→ Problem to solve:
Your task is to return all of the records exactly, minus any images.

→ Data:
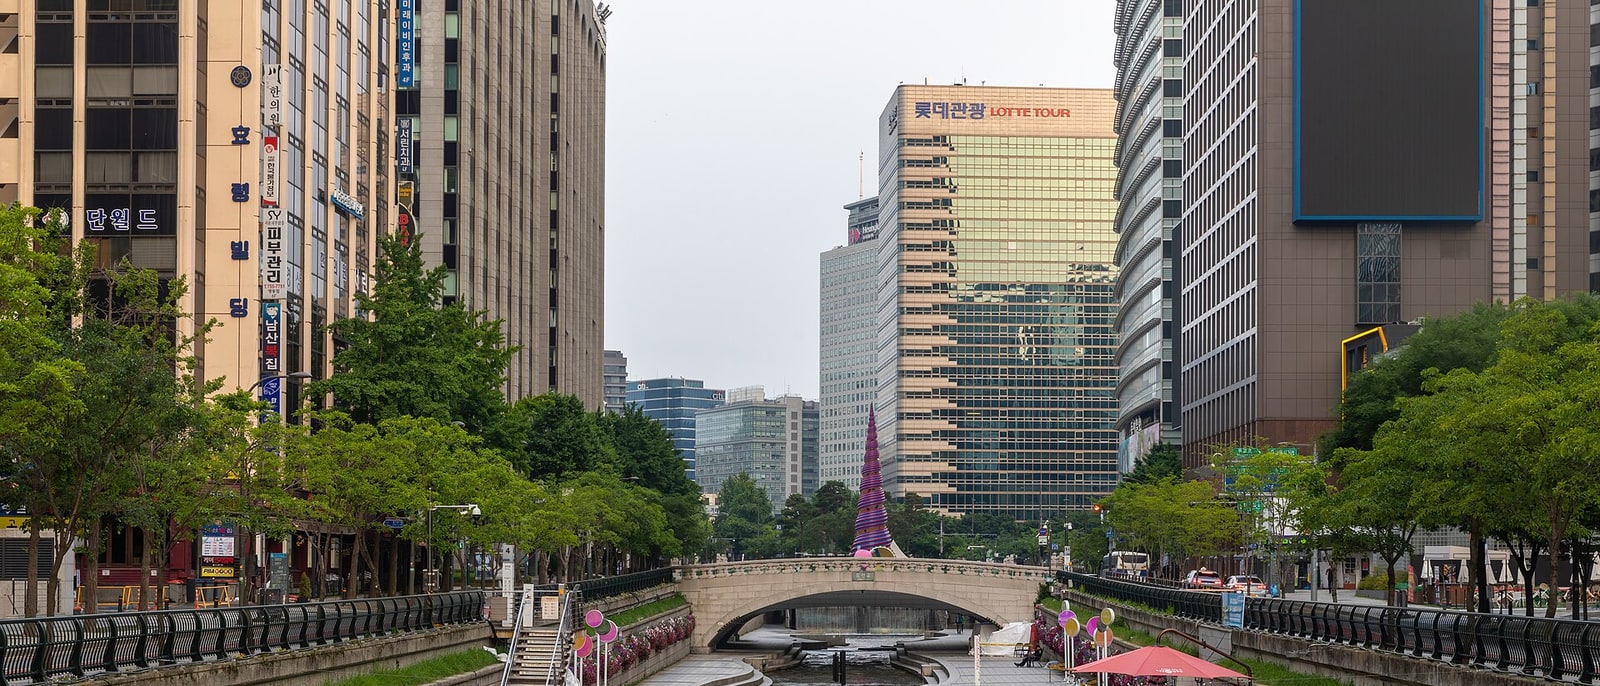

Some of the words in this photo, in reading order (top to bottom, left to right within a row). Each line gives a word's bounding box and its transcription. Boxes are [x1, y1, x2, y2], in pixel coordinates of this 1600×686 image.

[915, 102, 986, 119] 롯데관광
[990, 107, 1031, 117] LOTTE
[1033, 108, 1071, 118] TOUR
[400, 129, 409, 166] 서린치과
[86, 208, 158, 231] 단월드
[230, 124, 251, 318] 효령빌딩
[268, 210, 281, 220] SY
[267, 227, 281, 283] 피부관리
[265, 320, 279, 370] 남산복집
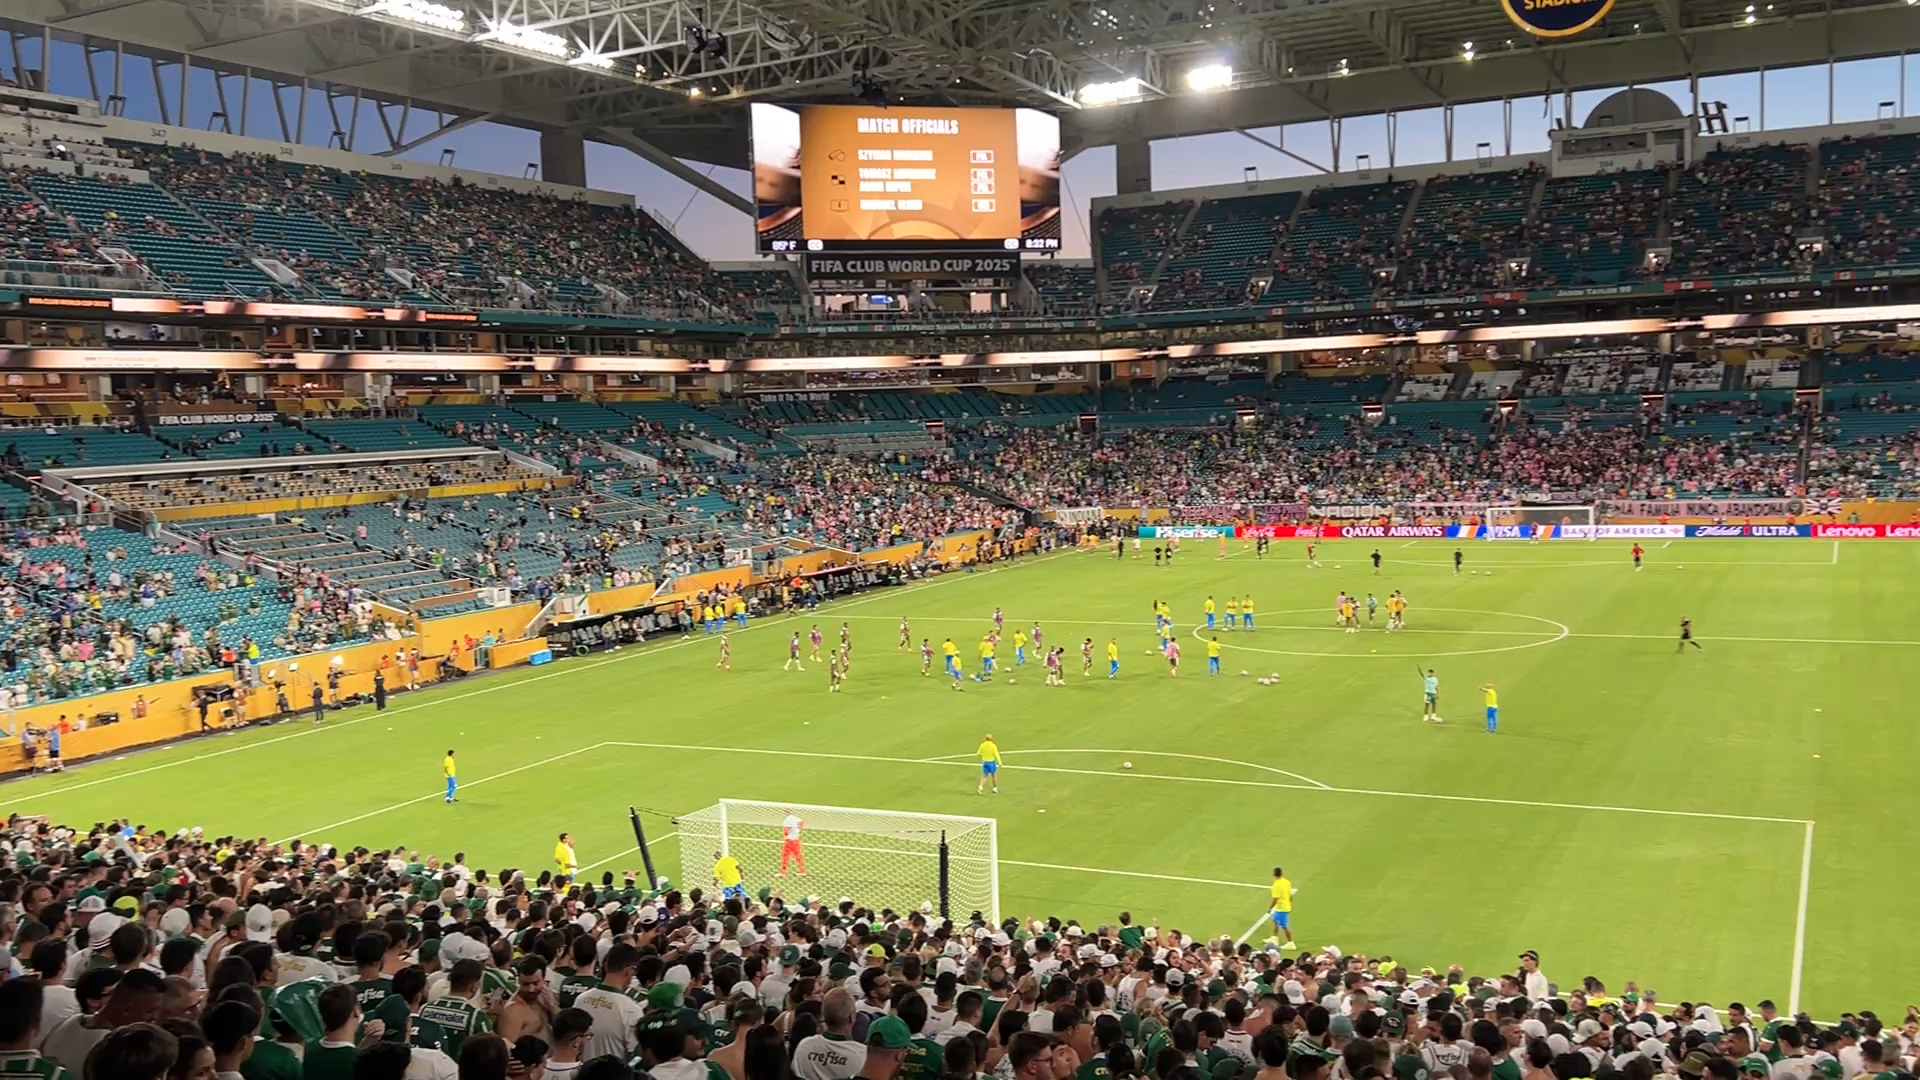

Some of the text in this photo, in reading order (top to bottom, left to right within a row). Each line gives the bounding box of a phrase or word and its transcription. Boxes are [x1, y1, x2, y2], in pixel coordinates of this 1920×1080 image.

[858, 118, 959, 134] MATCH OFFICIALS
[1046, 238, 1058, 248] PM
[812, 260, 844, 272] FIFA
[846, 260, 884, 272] CLUB
[888, 260, 940, 272] WORLD
[943, 259, 972, 272] CUP
[160, 416, 180, 424] FIFA
[180, 416, 203, 424] CLUB
[204, 414, 234, 424] WORLD
[236, 414, 252, 422] CUP
[1687, 503, 1718, 515] NUNCA
[1726, 502, 1784, 516] ABANDONA
[1342, 526, 1442, 538] QATAR AIRWAYS
[1494, 526, 1520, 537] VISA
[1598, 527, 1610, 535] OF
[1752, 526, 1799, 536] ULTRA
[1817, 525, 1876, 536] Lenovo
[356, 988, 385, 1004] efisa
[808, 1052, 848, 1066] crefisa
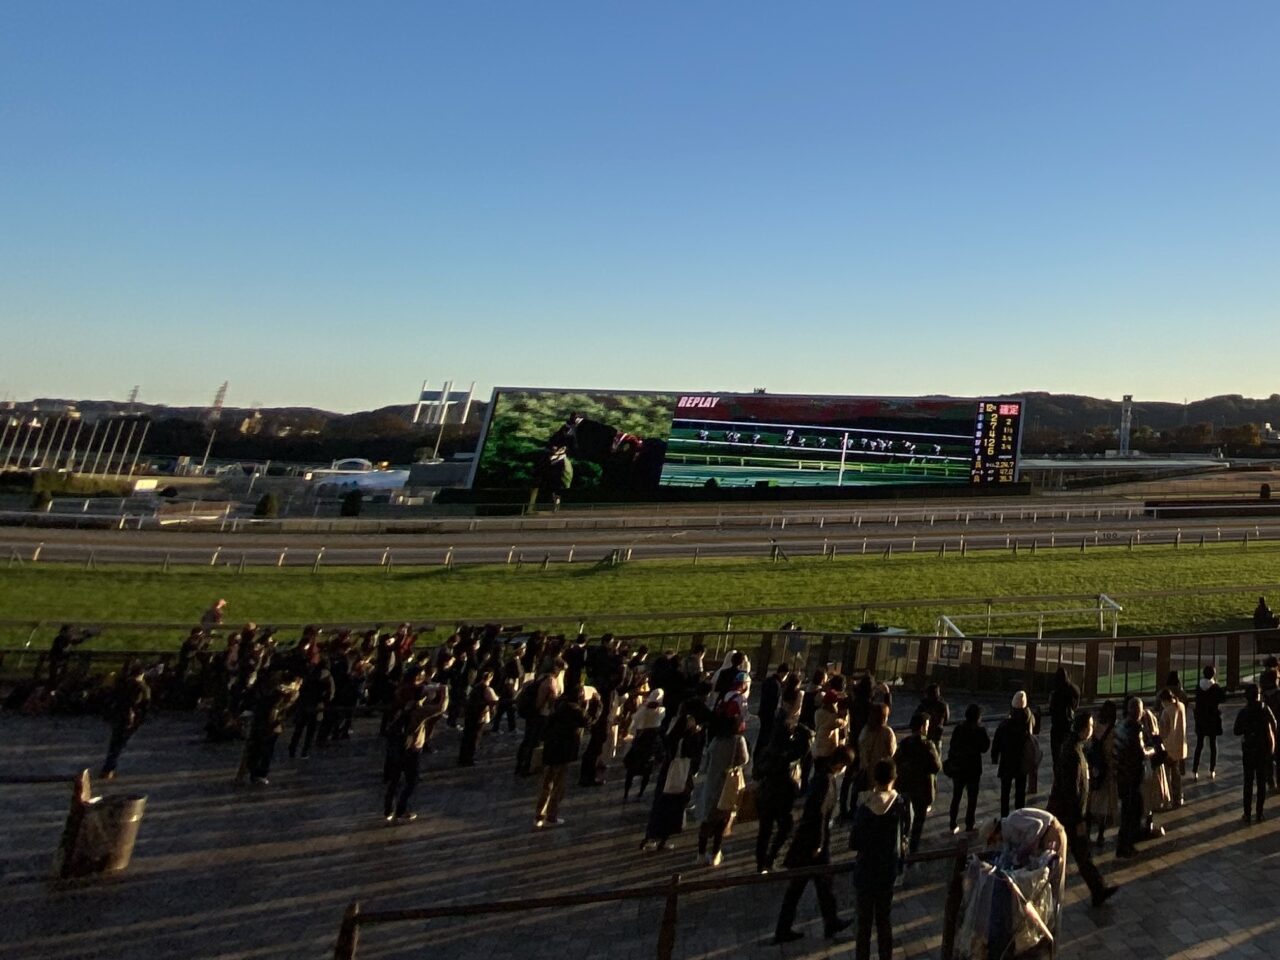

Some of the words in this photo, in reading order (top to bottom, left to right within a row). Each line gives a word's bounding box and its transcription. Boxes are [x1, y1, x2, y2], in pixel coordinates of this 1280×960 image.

[678, 396, 720, 408] REPLAY
[991, 413, 998, 421] 2
[990, 422, 997, 430] 7
[989, 430, 996, 438] 4
[984, 438, 996, 447] 12
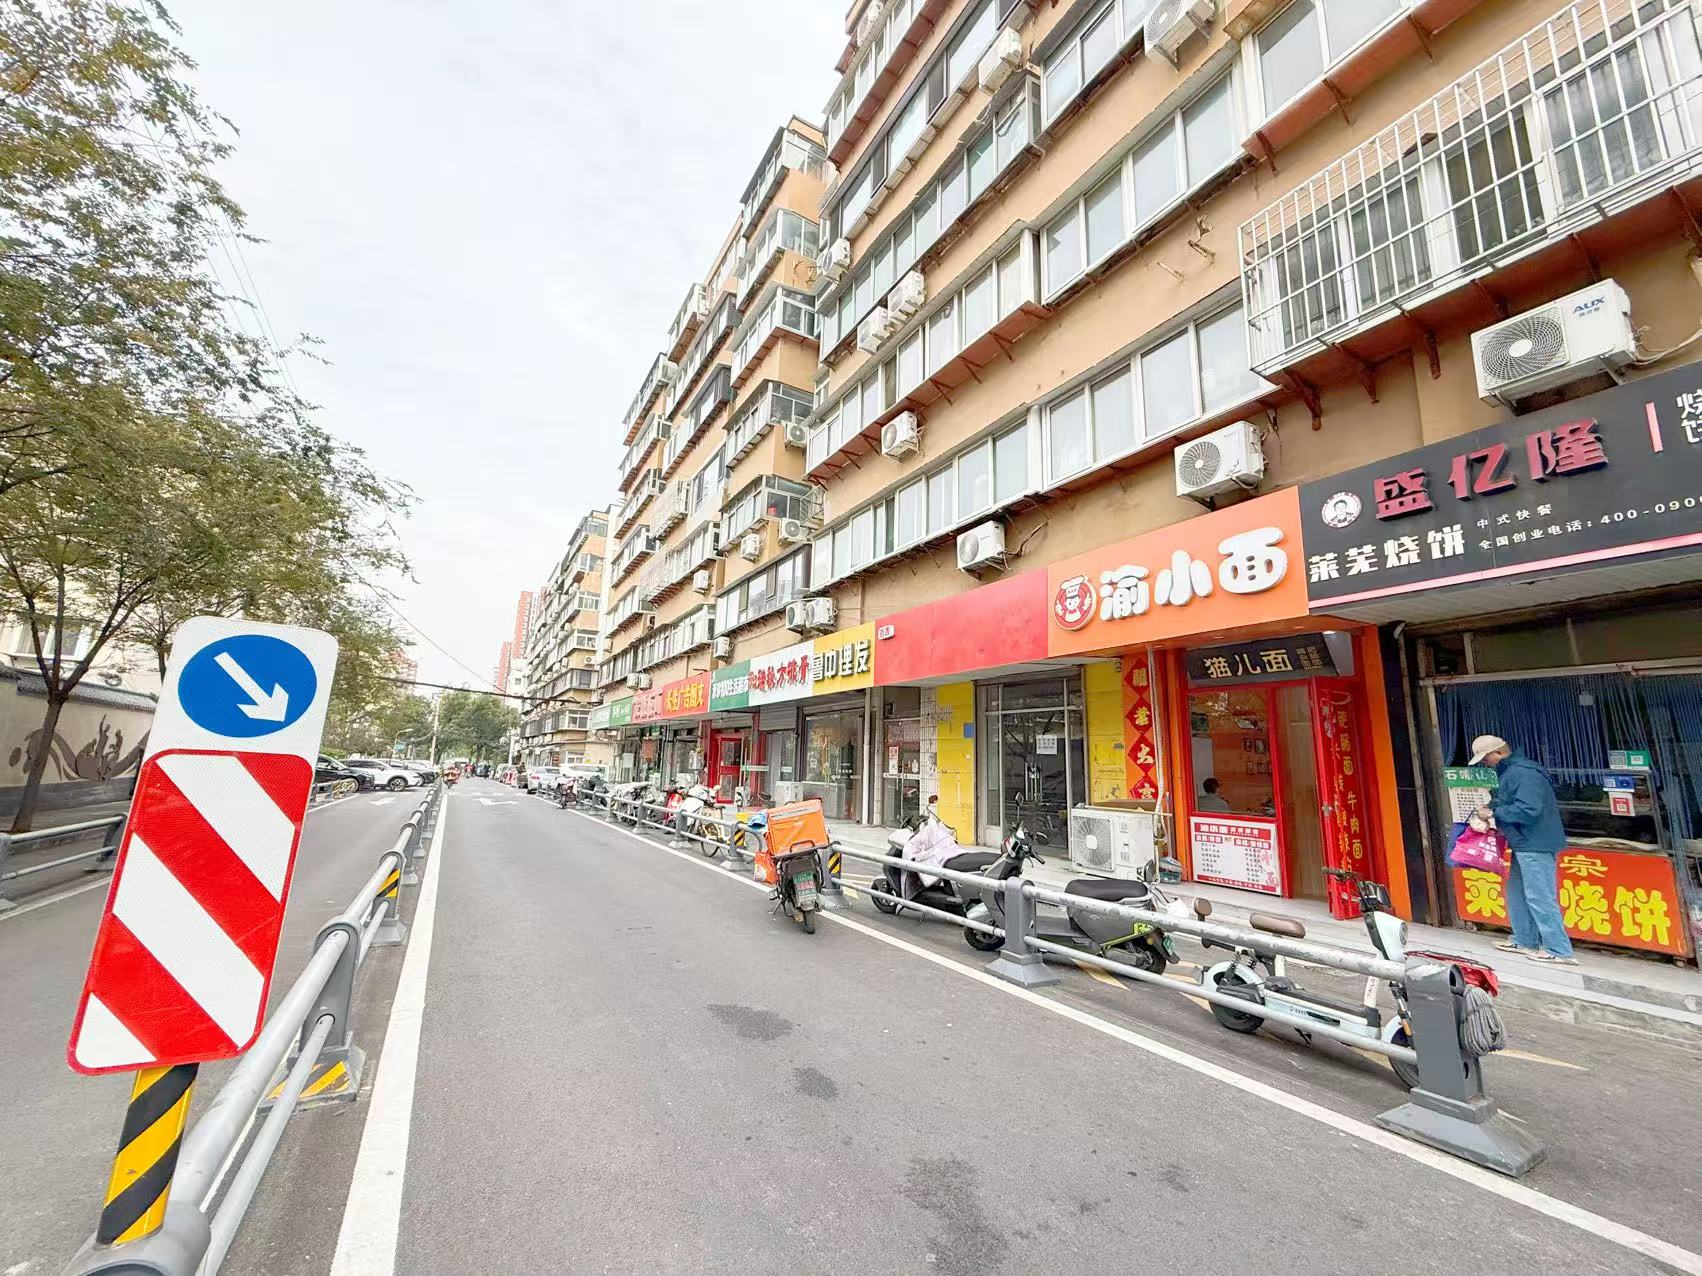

→ Task solution:
Some of the words in this photo, in reading order (top to bottom, left to right within a row). Each line gives a word's bounding box and its transcription. Boxes are [x1, y1, x2, y2], in pixel coordinates of this 1600×686 image.

[915, 102, 986, 119] 롯데관광
[990, 107, 1031, 117] LOTTE
[1033, 108, 1071, 118] TOUR
[400, 129, 409, 166] 서린치과
[86, 208, 158, 231] 단월드
[230, 124, 251, 318] 효령빌딩
[268, 210, 281, 220] SY
[267, 227, 281, 283] 피부관리
[265, 320, 279, 370] 남산복집

Some of the text in this photo, in reading order (top to bottom, left to right within a row). Each line gives the bounding box of a phrase or word and its transcription. Boxes are [x1, y1, x2, y2], in pixel coordinates of this 1920×1080 image.

[858, 118, 959, 134] MATCH OFFICIALS
[1046, 238, 1058, 248] PM
[812, 260, 844, 272] FIFA
[846, 260, 884, 272] CLUB
[888, 260, 940, 272] WORLD
[943, 259, 972, 272] CUP
[160, 416, 180, 424] FIFA
[180, 416, 203, 424] CLUB
[204, 414, 234, 424] WORLD
[236, 414, 252, 422] CUP
[1687, 503, 1718, 515] NUNCA
[1726, 502, 1784, 516] ABANDONA
[1342, 526, 1442, 538] QATAR AIRWAYS
[1494, 526, 1520, 537] VISA
[1598, 527, 1610, 535] OF
[1752, 526, 1799, 536] ULTRA
[1817, 525, 1876, 536] Lenovo
[356, 988, 385, 1004] efisa
[808, 1052, 848, 1066] crefisa

Some of the words in this photo, in reading order (top to bottom, left to right within a row). Each line gives a word's bounding box and its transcription. Boxes are [x1, y1, x2, y2], in pixel coordinates of this 1280×960 image.

[678, 396, 720, 408] REPLAY
[991, 413, 998, 421] 2
[990, 422, 997, 430] 7
[989, 430, 996, 438] 4
[984, 438, 996, 447] 12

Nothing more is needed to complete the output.